Please copy all of the entries exactly, but drop every picture.
= = = = =
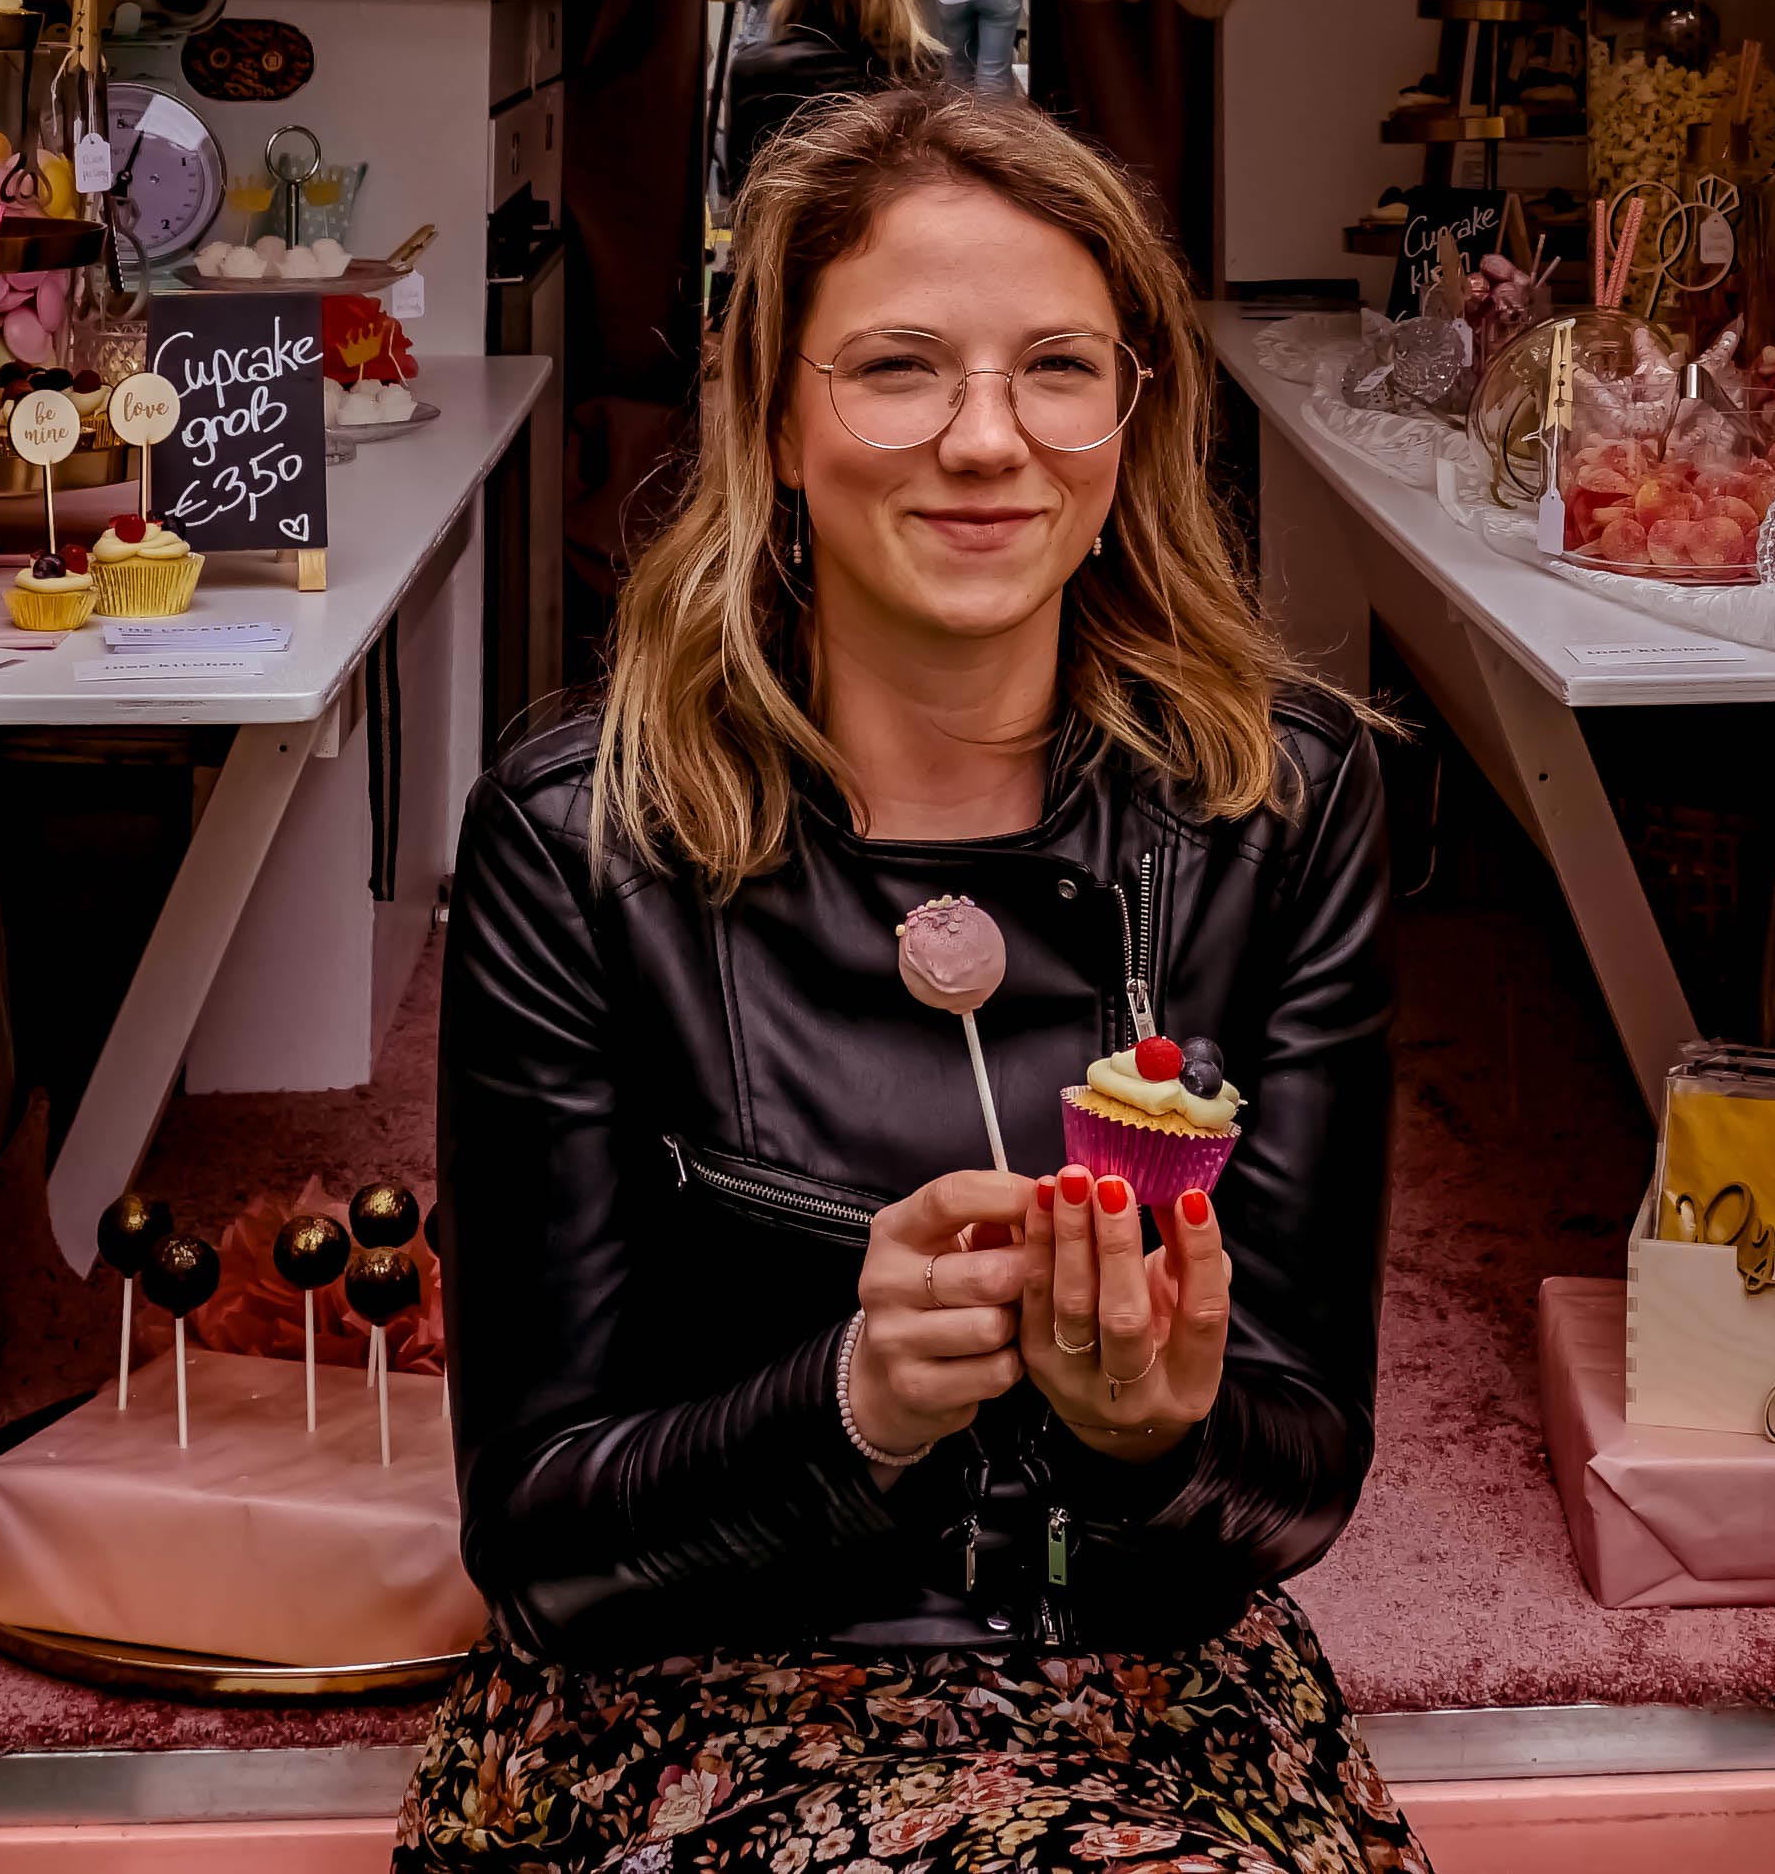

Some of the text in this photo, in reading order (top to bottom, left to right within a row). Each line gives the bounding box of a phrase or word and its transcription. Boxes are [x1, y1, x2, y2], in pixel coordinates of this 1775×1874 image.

[1410, 251, 1471, 295] klen
[153, 316, 324, 408] Cupcake
[34, 401, 56, 426] be
[123, 391, 170, 422] love
[24, 426, 70, 446] mine
= = = = =
- [RESULT FOR THIS TASK]:
Some of the text in this photo, in reading order (top to bottom, left to right within a row). Each line gives the bounding box of a phrase or word and its transcription. Boxes are [x1, y1, x2, y2], in pixel coordinates of this 1775×1874 image.

[1410, 251, 1471, 295] klen
[153, 316, 324, 408] Cupcake
[34, 401, 56, 426] be
[123, 391, 170, 422] love
[24, 426, 70, 446] mine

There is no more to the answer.